National Institutes of Health (NIH) Awards Research Grant of $2.59 Million to University of Pittsburgh for Diabetes Gene Therapy Technology Licensed by Genprex

Source:  Genprex, Inc. 7/21/2020

Grant to fund ongoing preclinical research for important proof-of-principle non-human studies in preparation for human gene therapy clinical trials

Genprex, Inc. (“Genprex” or the “Company”) (NASDAQ: GNPX), a clinical-stage gene therapy company developing potentially life-changing technologies for patients with cancer and diabetes, today announced that Dr. George K. Gittes, MD of the University of Pittsburgh, the lead researcher that developed the Company’s potentially curative diabetes gene therapy, was awarded a grant of $2.59 million from the National Institutes of Health (“NIH”) National Institute of Diabetes and Digestive and Kidney Diseases. The grant will assist Dr. Gittes’s development for his research project titled, “Alpha Cell Conversion to Beta Cells in Non-human Primates” and will build upon his accumulating groundbreaking gene therapy work toward finding a cure for diabetes. In this project, Dr. Gittes’ research team will conduct important proof-of-principle studies in non-human primates as the last steps in preparation for human gene therapy clinical trials. This technology is the subject of an exclusive license agreement entered into between Genprex and the University of Pittsburgh in February of 2020.  

“We are excited to receive this funding to support our research in diabetic primates as we move toward human clinical trials,” said Dr. George Gittes, Co-Scientific Director and Professor of Surgery at the UPMC (University of Pittsburgh Medical Center) Children’s Hospital of Pittsburgh and the lead researcher behind the diabetes gene therapy. “We saw encouraging data in our preclinical mice studies, where the gene therapy reprogrammed pancreatic cells to restore normal blood glucose levels in diabetic mice for approximately four months, which could translate to decades in humans. More recently, preliminary results in non-human primates (monkeys) has also been very promising.”  

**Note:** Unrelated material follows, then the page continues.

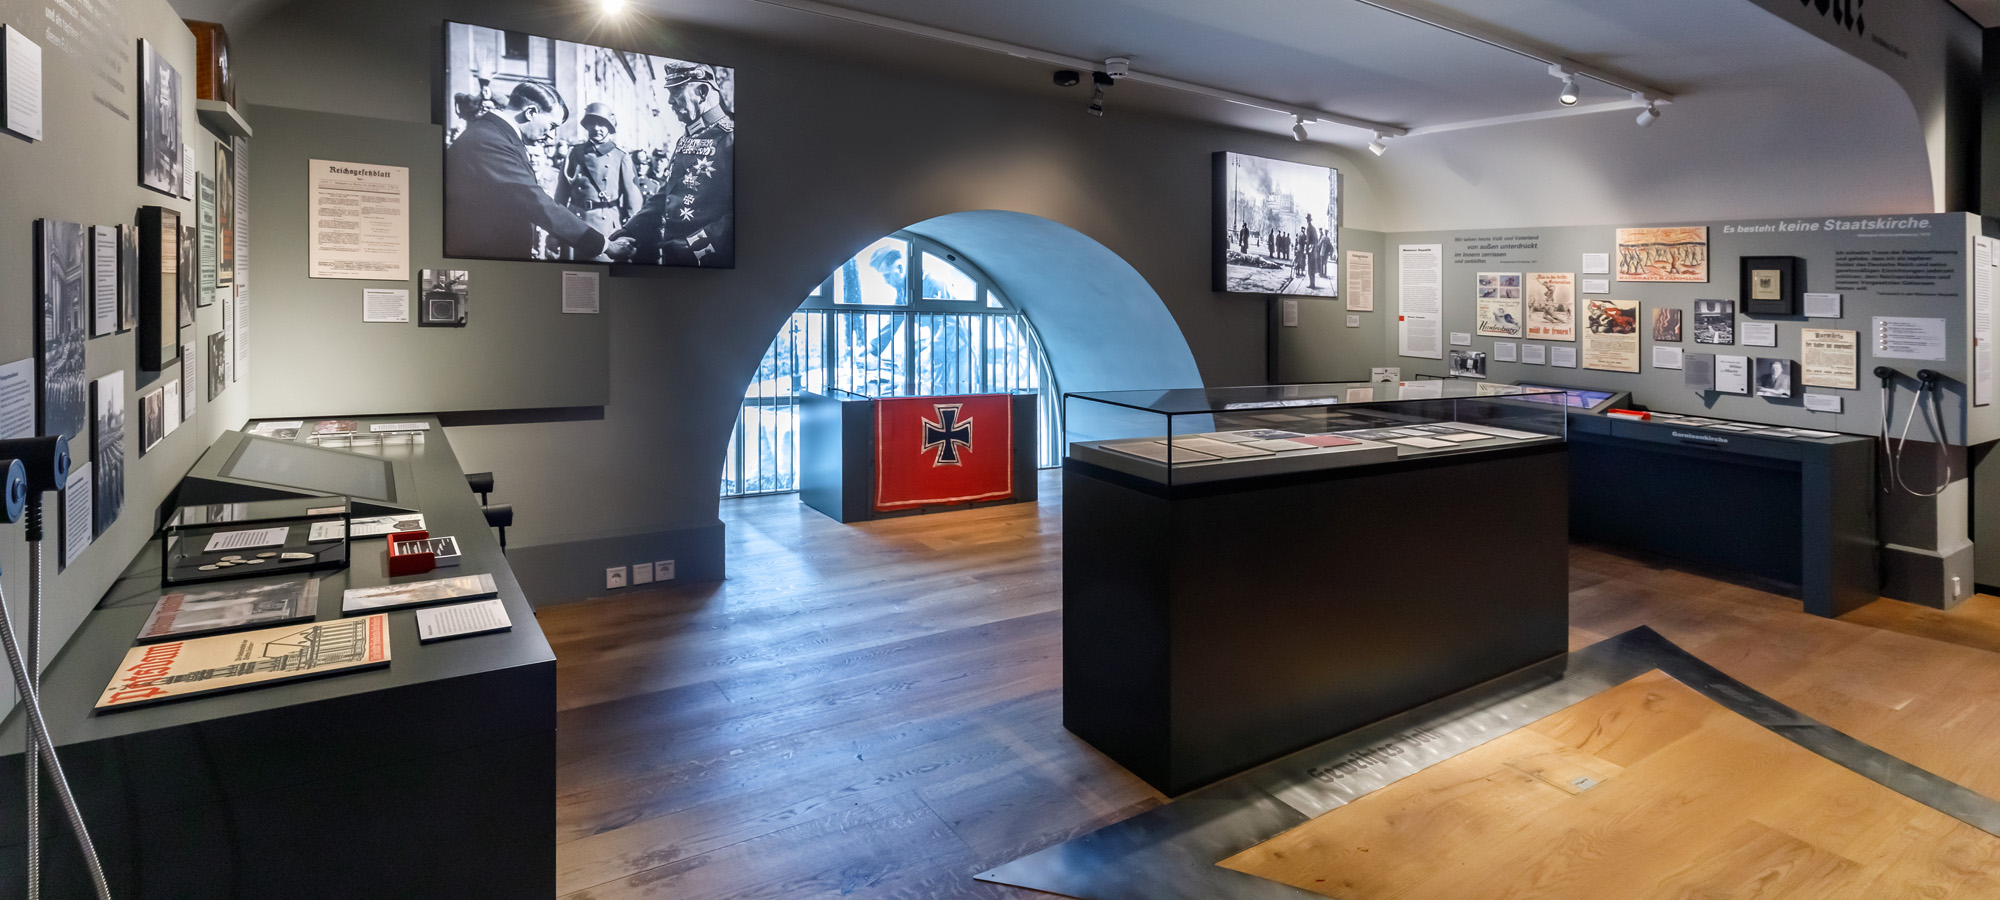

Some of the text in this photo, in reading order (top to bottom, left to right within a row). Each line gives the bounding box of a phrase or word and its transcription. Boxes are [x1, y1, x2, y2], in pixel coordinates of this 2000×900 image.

[1723, 217, 1932, 233] Es besteht keine Staatskirche.
[1672, 431, 1728, 443] Garnisonkirche

Dr. Gittes’ gene therapy for diabetes, which Genprex refers to as “GPX-002,” uses a novel infusion process comprised of an endoscope and an adeno-associated virus (AAV) vector to deliver Pdx1 and MafA genes to the pancreas. The genes express proteins that transform alpha cells in the pancreas into functional beta-like cells, which can produce insulin but are distinct enough from beta cells to evade the body’s immune system. 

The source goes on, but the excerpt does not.